◆ Task statement:
When the records are reproduced, each one must match exactly, and no picture may be kept.

◆ Data extracts:

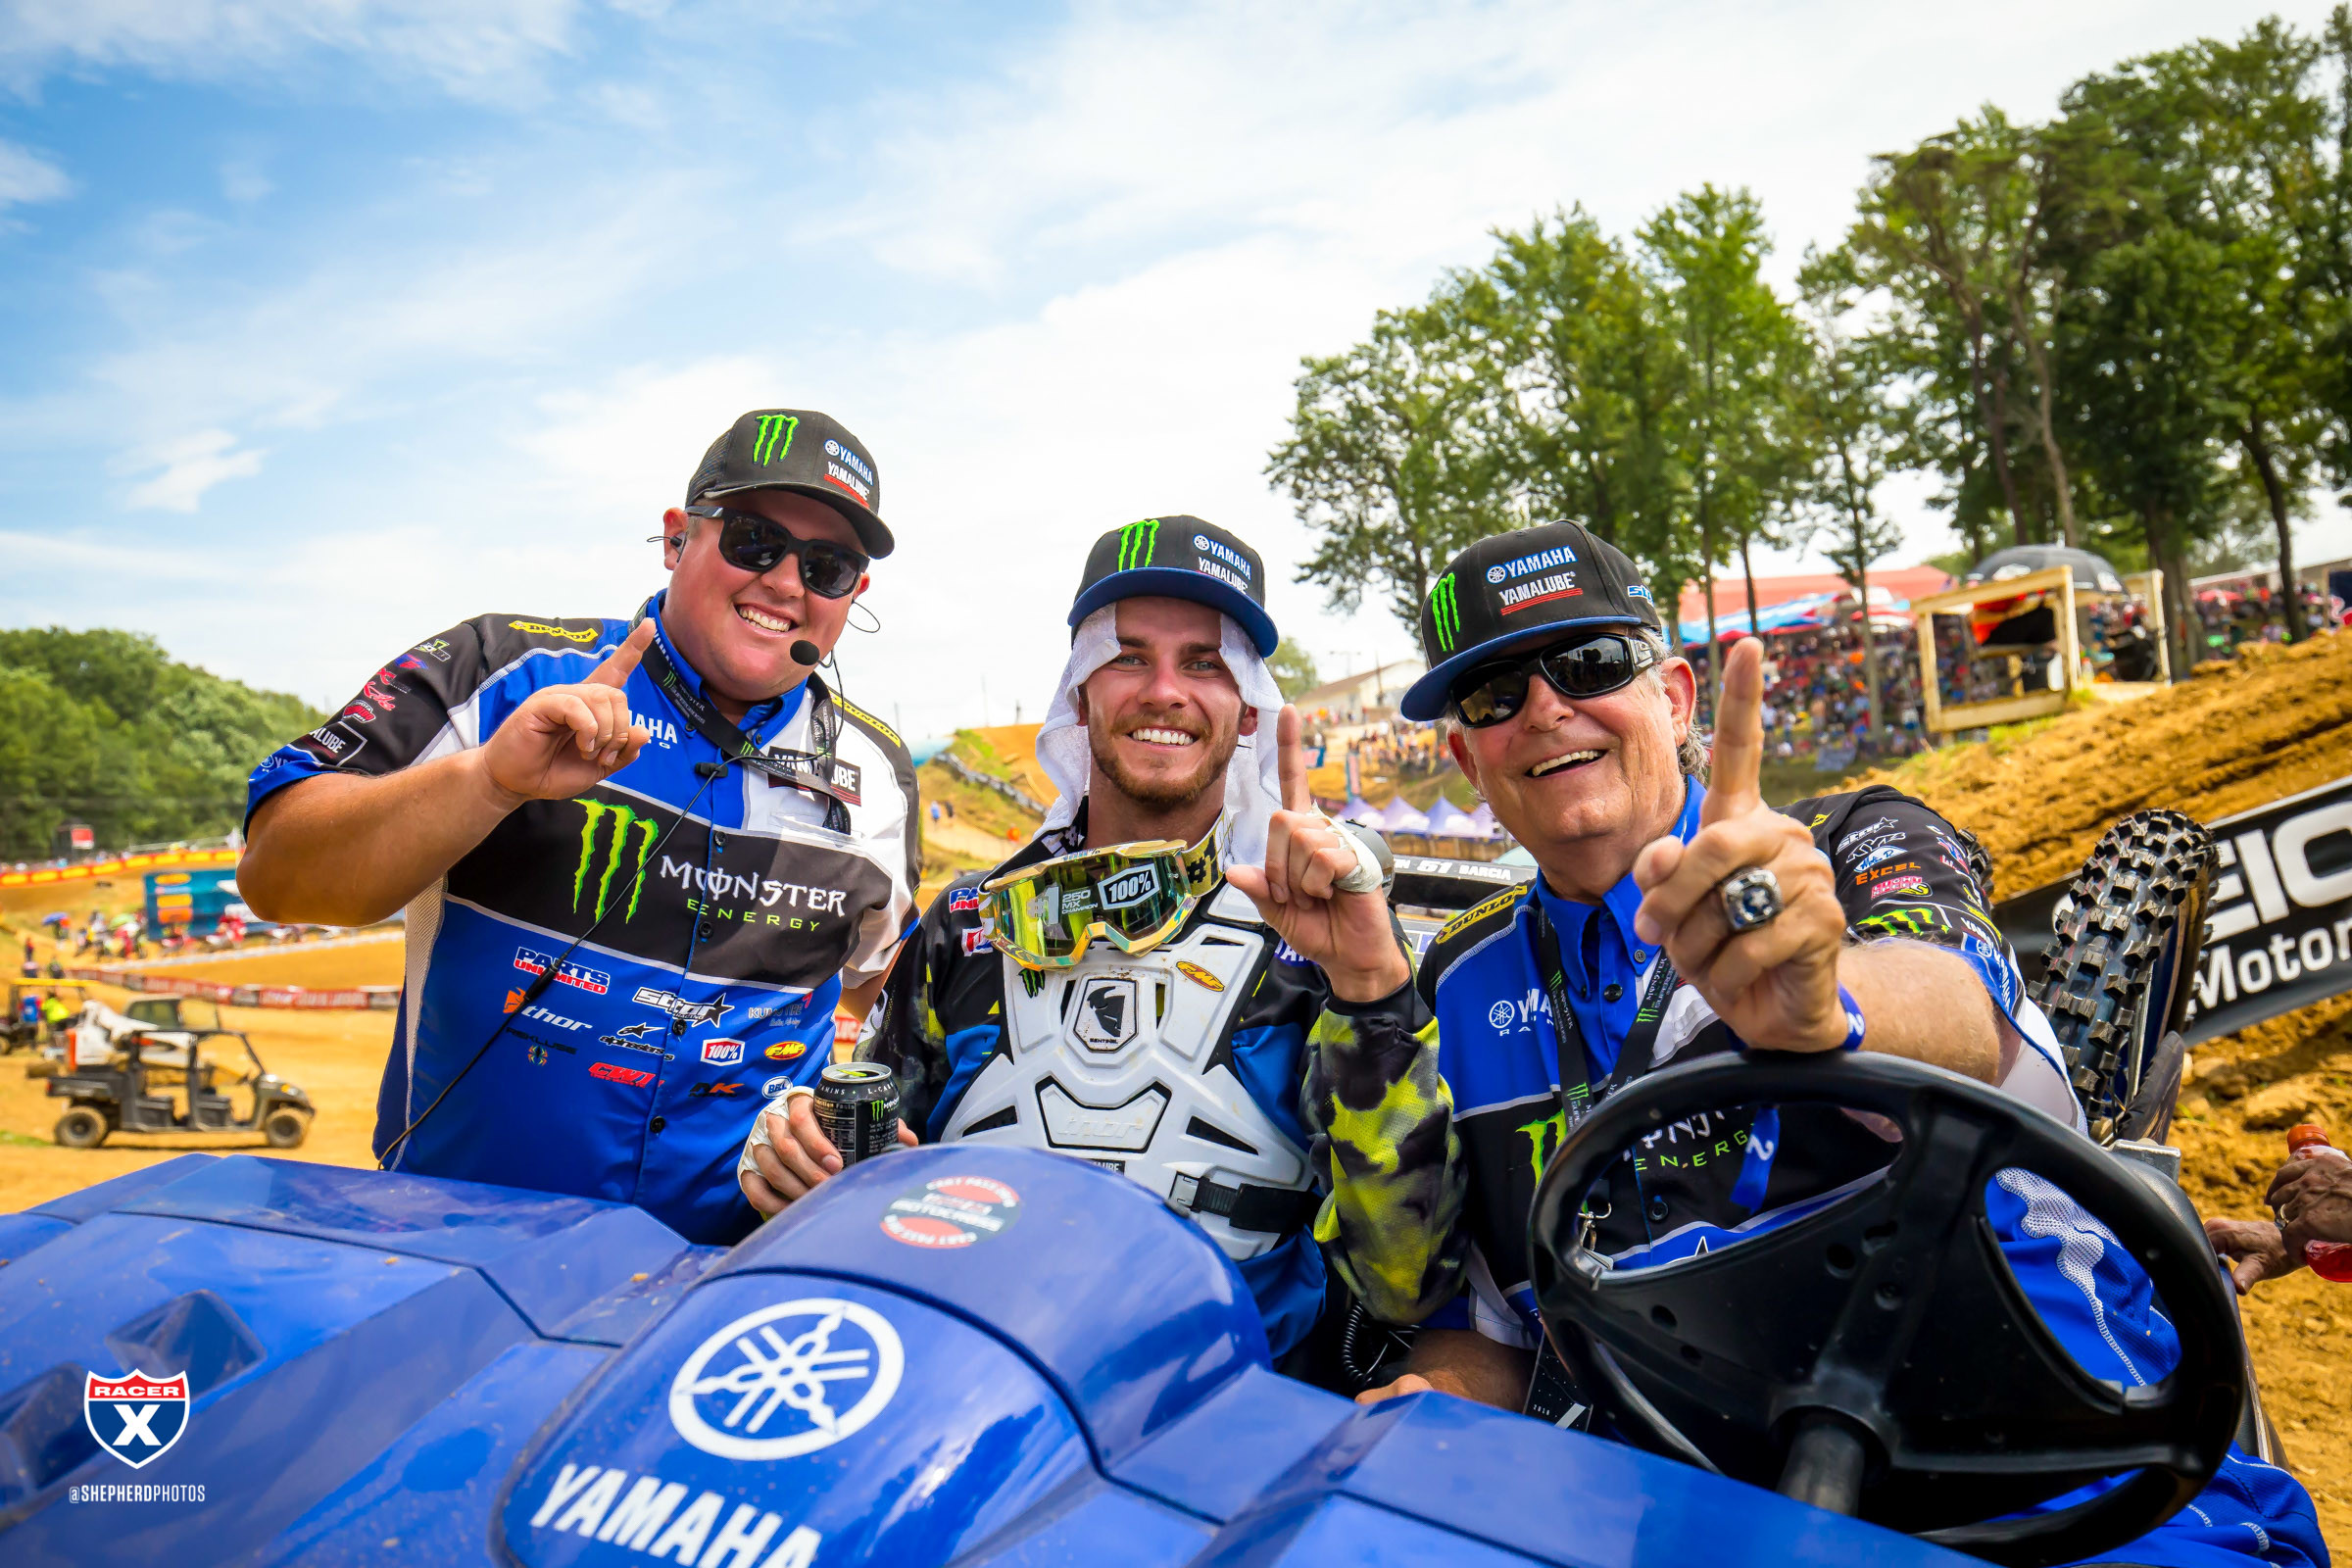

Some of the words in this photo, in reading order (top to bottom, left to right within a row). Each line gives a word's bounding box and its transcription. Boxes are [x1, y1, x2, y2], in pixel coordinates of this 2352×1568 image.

[827, 460, 870, 502] YAMALUBE
[840, 445, 874, 487] YAMAHA
[1198, 556, 1249, 596] YAMALUBE
[1210, 539, 1252, 581] YAMAHA
[1505, 545, 1578, 578] YAMAHA
[1499, 571, 1575, 607] YAMALUBE
[528, 623, 592, 640] DUNLOP
[627, 709, 678, 745] AHA
[1417, 859, 1453, 874] 51
[1855, 861, 1922, 886] EXCEL
[660, 855, 848, 917] MONSTER
[1061, 889, 1091, 903] 250
[1108, 870, 1152, 904] 100%
[1061, 900, 1081, 910] MX
[1061, 903, 1099, 915] CHAMPION
[516, 946, 611, 987] PARTS
[520, 1005, 593, 1031] thor
[506, 1026, 578, 1055] REKLUSE
[707, 1044, 740, 1061] 100%
[765, 1043, 805, 1057] FMF
[1634, 1129, 1749, 1171] ENERG
[530, 1463, 822, 1568] YAMAHA

◆ Task output:
Some of the words in this photo, in reading order (top to bottom, left to right within a row). Each line gives a word's bounding box and its transcription. Boxes are [x1, y1, x2, y2], in pixel coordinates of this 2352×1568 image.

[827, 460, 870, 502] YAMALUBE
[840, 445, 874, 487] YAMAHA
[1198, 556, 1249, 596] YAMALUBE
[1210, 539, 1252, 581] YAMAHA
[1505, 545, 1578, 578] YAMAHA
[1499, 571, 1575, 607] YAMALUBE
[528, 623, 592, 640] DUNLOP
[627, 709, 678, 745] AHA
[1417, 859, 1453, 874] 51
[1855, 861, 1922, 886] EXCEL
[660, 855, 848, 917] MONSTER
[1061, 889, 1091, 903] 250
[1108, 870, 1152, 904] 100%
[1061, 900, 1081, 910] MX
[1061, 903, 1099, 915] CHAMPION
[516, 946, 611, 987] PARTS
[520, 1005, 593, 1031] thor
[506, 1026, 578, 1055] REKLUSE
[707, 1044, 740, 1061] 100%
[765, 1043, 805, 1057] FMF
[1634, 1129, 1749, 1171] ENERG
[530, 1463, 822, 1568] YAMAHA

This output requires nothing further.